Before coming to the U.S. from Taiwan, Dr. Cheng worked with survivors of GBV. She explains that GBV includes intimate partner violence (IPV), sexual harassment, and sexual assault. “Different forms have different impacts on survivors. For example, survivors of sexual harassment tend to engage in avoidance, which can harm their career and what they achieve professionally,” she explains. “And then IPV may involve economic abuse, the abuser can exhibit abusive control, sabotaging their career or restricting contact with their colleagues or their supervisor. The impacts of IPV may be broad and pervasive.”
IPV may also impact children, even when they are not direct recipients of violence. After witnessing abusive behavior in their home, they may believe anger or abuse is an appropriate mode of communication and problem-solving, and the violence is then transmitted intergenerationally. “Parents who experience IPV are more likely to engage in harsh parenting or physical abuse, and it can contribute to further child maltreatment,” she says. “It is a complex process, and we need to understand the complexity and avoid stigmatizing the survivors.”

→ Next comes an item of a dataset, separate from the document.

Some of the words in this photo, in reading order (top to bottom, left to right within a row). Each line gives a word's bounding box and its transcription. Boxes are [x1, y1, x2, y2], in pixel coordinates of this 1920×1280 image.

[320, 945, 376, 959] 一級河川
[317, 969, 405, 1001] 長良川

She has also worked with marriage immigrants who entered Taiwan through international marriages, mostly via marriage brokers. While the comparison of marriage immigration to human trafficking might seem self-evident, and in some cases may be true, Dr. Cheng urges caution in describing it as trafficking. “For activists and researchers, it might be easier to frame it as human trafficking, but we need to be very careful,” she explains. “The danger is in underestimating the agency among women who choose to immigrate. They may, for example, go to great lengths to prove the validity of their marriage, so they can go through the immigration process more smoothly.”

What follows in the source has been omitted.